▸ Task brief:
For every record beneath this instruction, give an exact repetition, omitting images.

[Saved data entries]

↓↓↓

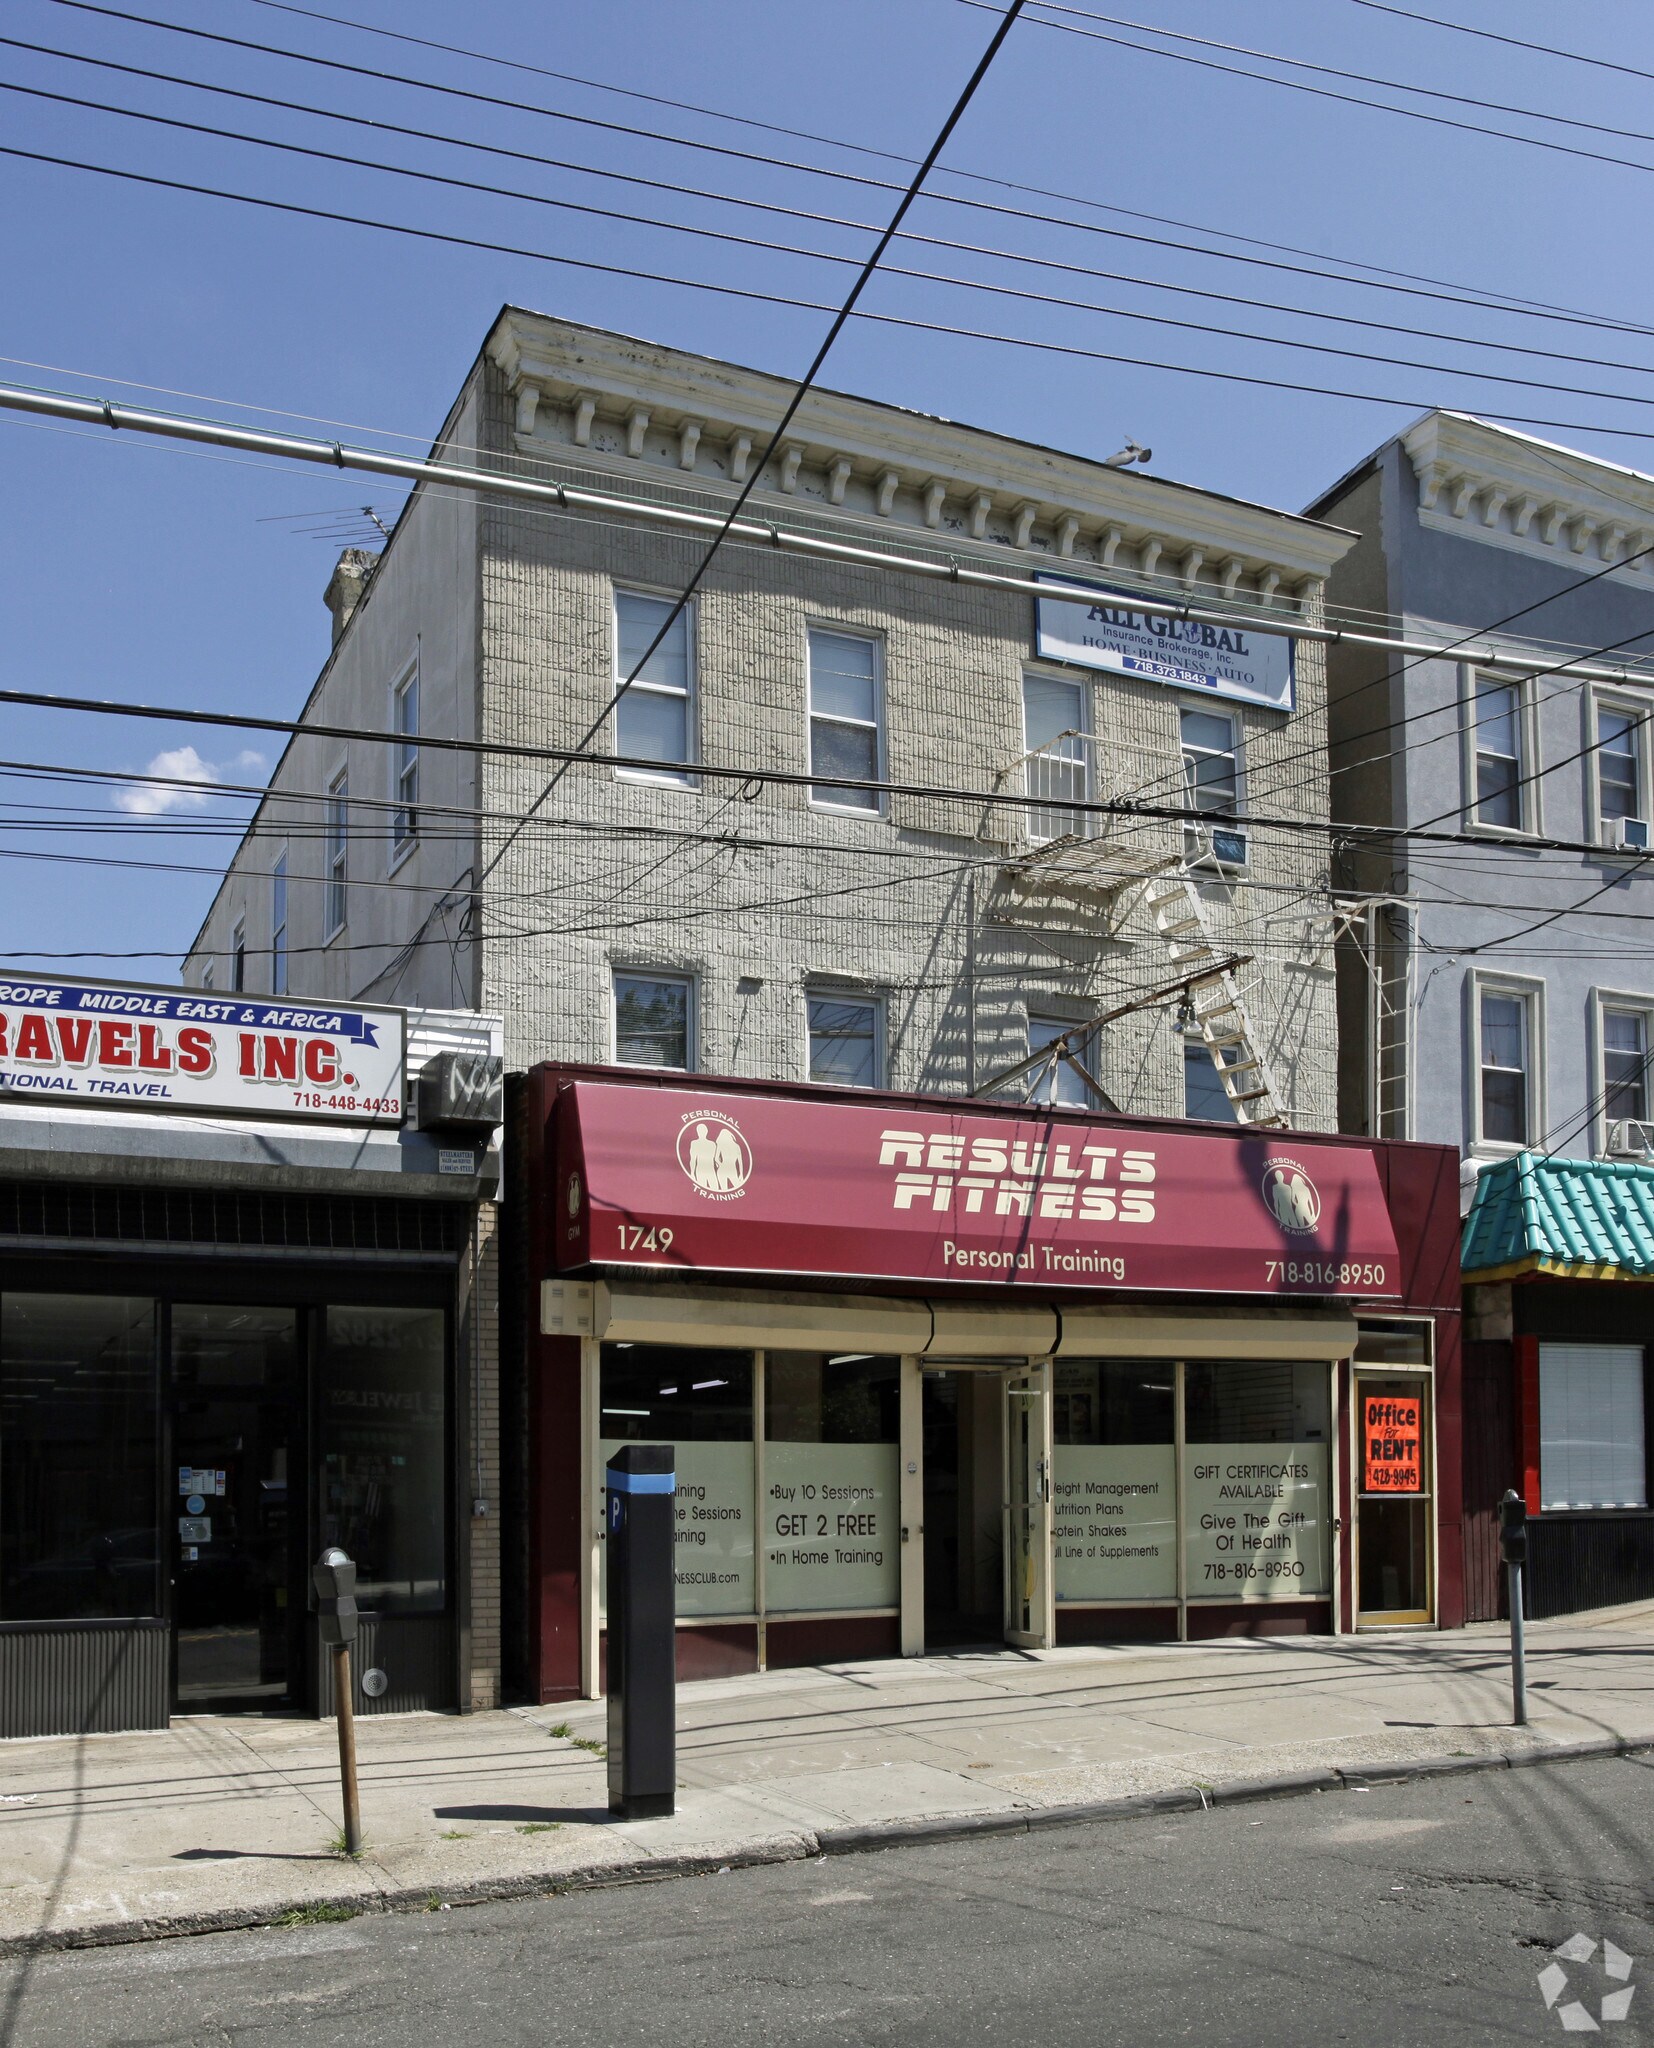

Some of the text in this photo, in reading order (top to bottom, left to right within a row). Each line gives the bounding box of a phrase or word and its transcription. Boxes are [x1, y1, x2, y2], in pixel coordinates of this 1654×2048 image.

[1087, 606, 1140, 630] ALL
[1103, 625, 1234, 665] Insurance Brokerage, Inc.
[1082, 635, 1255, 684] HOME BUSINESS AUTO
[1133, 659, 1207, 685] 718.373.1843
[79, 993, 168, 1015] MIDDLE
[176, 1002, 237, 1022] EAST
[241, 1008, 255, 1023] &
[262, 1011, 342, 1031] AFRICA
[238, 1033, 360, 1086] INC.
[87, 1079, 173, 1098] TRAVEL
[293, 1092, 400, 1115] 718-448-4433
[681, 1109, 741, 1129] PERSONAL
[878, 1130, 1156, 1184] RESULTS
[1262, 1157, 1307, 1174] PERSONAL
[693, 1183, 746, 1201] TRAINING
[893, 1172, 1156, 1223] FITNESS
[568, 1224, 580, 1240] GYM
[617, 1225, 674, 1253] 1749
[1280, 1223, 1319, 1237] TRAINING
[943, 1240, 1126, 1281] Personal Training
[1265, 1261, 1385, 1285] 718-816-8950
[1368, 1403, 1417, 1427] Office
[1371, 1439, 1417, 1461] RENT
[1194, 1464, 1309, 1479] GIFT CERTIFICATES
[675, 1483, 706, 1500] ining
[802, 1484, 816, 1499] 10
[821, 1484, 874, 1500] Sessions
[1053, 1482, 1160, 1497] eight Management
[1219, 1484, 1284, 1499] AVAILABLE
[692, 1506, 741, 1520] Sessions
[1096, 1503, 1124, 1515] Plans
[776, 1514, 877, 1537] GET 2 FREE
[1088, 1524, 1127, 1537] Shakes
[1200, 1512, 1305, 1530] Give The Gift
[1216, 1533, 1292, 1551] Of Health
[776, 1549, 883, 1566] In Home Training
[1065, 1545, 1083, 1558] Line
[1087, 1545, 1096, 1558] of
[1100, 1545, 1159, 1560] Supplements
[1203, 1560, 1304, 1580] 718-816-8950

↑↑↑

▸ Solution to this exercise:
Some of the text in this photo, in reading order (top to bottom, left to right within a row). Each line gives the bounding box of a phrase or word and its transcription. Boxes are [x1, y1, x2, y2], in pixel coordinates of this 1654×2048 image.

[1087, 606, 1140, 630] ALL
[1103, 625, 1234, 665] Insurance Brokerage, Inc.
[1082, 635, 1255, 684] HOME BUSINESS AUTO
[1133, 659, 1207, 685] 718.373.1843
[79, 993, 168, 1015] MIDDLE
[176, 1002, 237, 1022] EAST
[241, 1008, 255, 1023] &
[262, 1011, 342, 1031] AFRICA
[238, 1033, 360, 1086] INC.
[87, 1079, 173, 1098] TRAVEL
[293, 1092, 400, 1115] 718-448-4433
[681, 1109, 741, 1129] PERSONAL
[878, 1130, 1156, 1184] RESULTS
[1262, 1157, 1307, 1174] PERSONAL
[693, 1183, 746, 1201] TRAINING
[893, 1172, 1156, 1223] FITNESS
[568, 1224, 580, 1240] GYM
[617, 1225, 674, 1253] 1749
[1280, 1223, 1319, 1237] TRAINING
[943, 1240, 1126, 1281] Personal Training
[1265, 1261, 1385, 1285] 718-816-8950
[1368, 1403, 1417, 1427] Office
[1371, 1439, 1417, 1461] RENT
[1194, 1464, 1309, 1479] GIFT CERTIFICATES
[675, 1483, 706, 1500] ining
[802, 1484, 816, 1499] 10
[821, 1484, 874, 1500] Sessions
[1053, 1482, 1160, 1497] eight Management
[1219, 1484, 1284, 1499] AVAILABLE
[692, 1506, 741, 1520] Sessions
[1096, 1503, 1124, 1515] Plans
[776, 1514, 877, 1537] GET 2 FREE
[1088, 1524, 1127, 1537] Shakes
[1200, 1512, 1305, 1530] Give The Gift
[1216, 1533, 1292, 1551] Of Health
[776, 1549, 883, 1566] In Home Training
[1065, 1545, 1083, 1558] Line
[1087, 1545, 1096, 1558] of
[1100, 1545, 1159, 1560] Supplements
[1203, 1560, 1304, 1580] 718-816-8950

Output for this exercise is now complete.